A use-after-free vulnerability in the GPU GLES shared library could allow an attacker to trigger crashes or potentially execute code via malicious web content.

The vulnerability is a write use-after-free (UAF) crash condition occurring within the GPU GLES user-space shared library. It is triggered when processing specifically crafted WebGPU content, which may lead to memory corruption within the rendering process.

A CVSS score of 8.1 highlights the critical nature of this flaw, as it can be weaponized through web browsers to achieve remote code execution. This poses a severe risk to end-user workstations, potentially leading to unauthorized data exfiltration or system takeover.

Immediate Action: Ensure that all web browsers and associated GPU drivers are updated to the latest versions provided by the vendor.

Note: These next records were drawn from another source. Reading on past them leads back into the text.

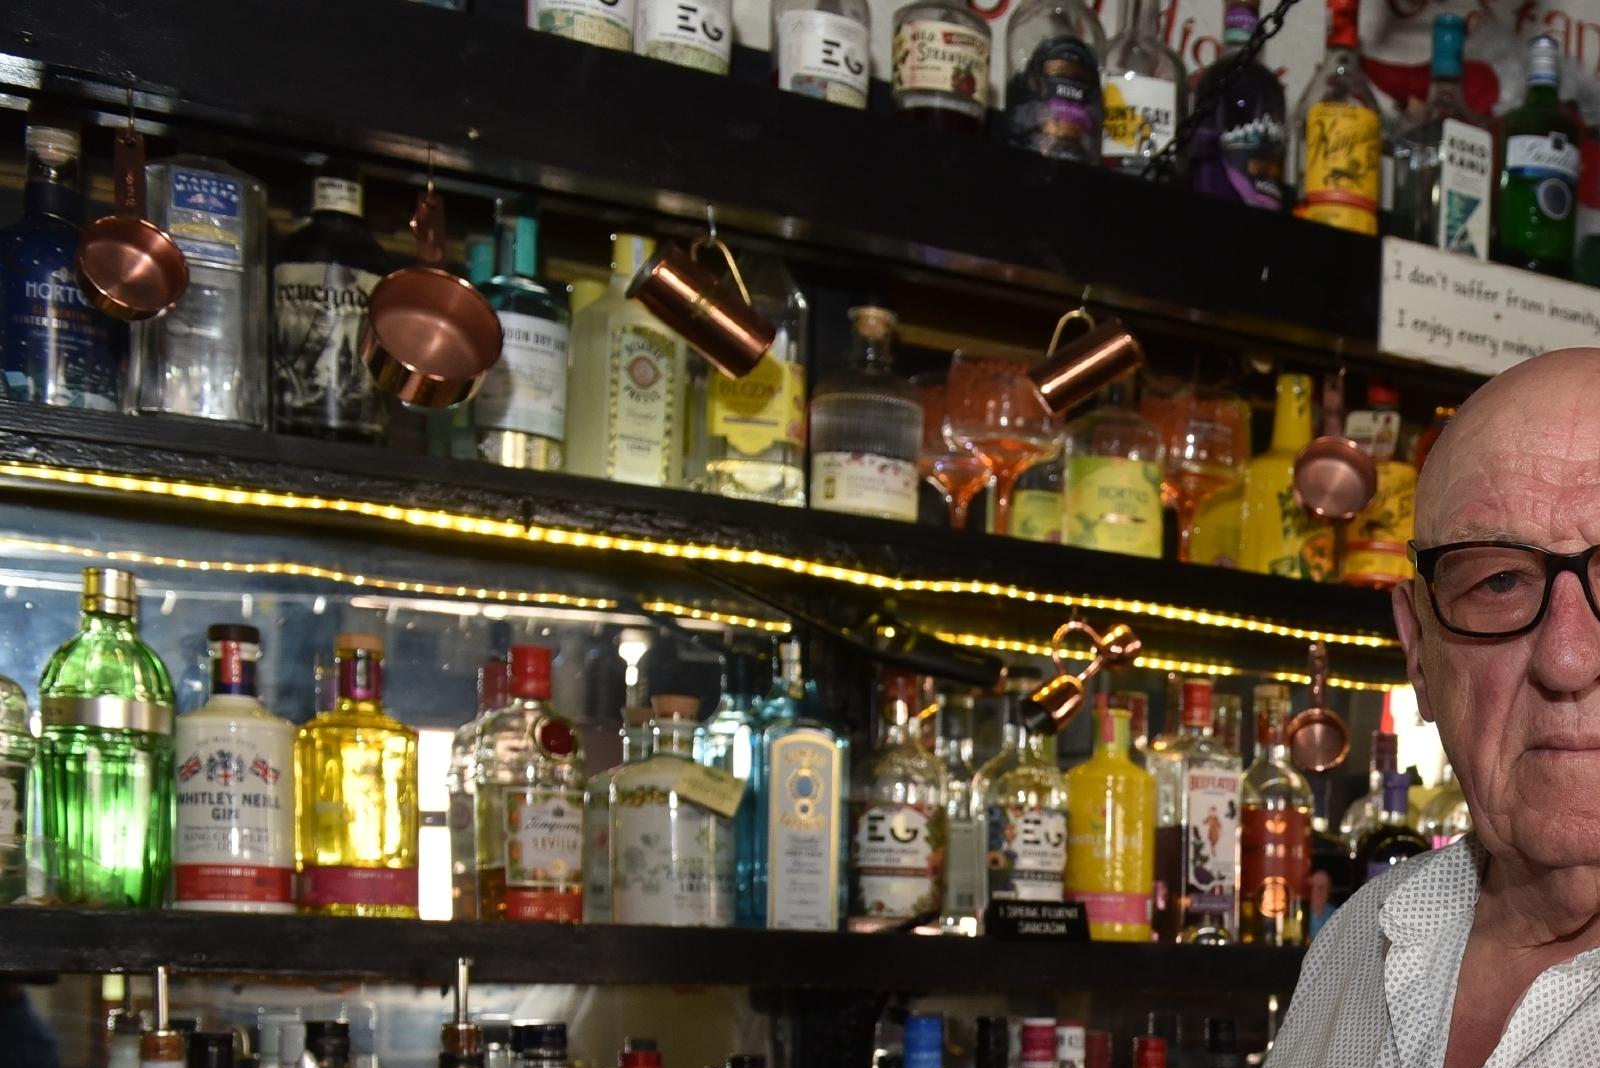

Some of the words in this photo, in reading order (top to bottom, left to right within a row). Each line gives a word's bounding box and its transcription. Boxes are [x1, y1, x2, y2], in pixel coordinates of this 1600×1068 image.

[1395, 260, 1402, 279] I
[1408, 264, 1448, 291] don't
[1453, 278, 1499, 301] suffer
[1506, 286, 1545, 314] from
[1397, 308, 1406, 328] I
[1412, 316, 1453, 347] enjoy
[1457, 330, 1499, 358] every
[176, 791, 234, 807] WHITLEY
[210, 807, 241, 822] GIN
[1017, 920, 1067, 936] SARCASM

Proactive Monitoring: Utilize endpoint detection and response (EDR) solutions to monitor for suspicious process crashes or anomalous memory access patterns in web browser renderers.

Compensating Controls: Use browser-based security features or extensions that restrict execution of WebGPU content from untrusted domains.

Public Exploit Available: false

Organizations should prioritize the update of browser environments and graphics drivers to mitigate this high-severity UAF vulnerability. Immediate patching is recommended to prevent potential exploitation via malicious web-based content.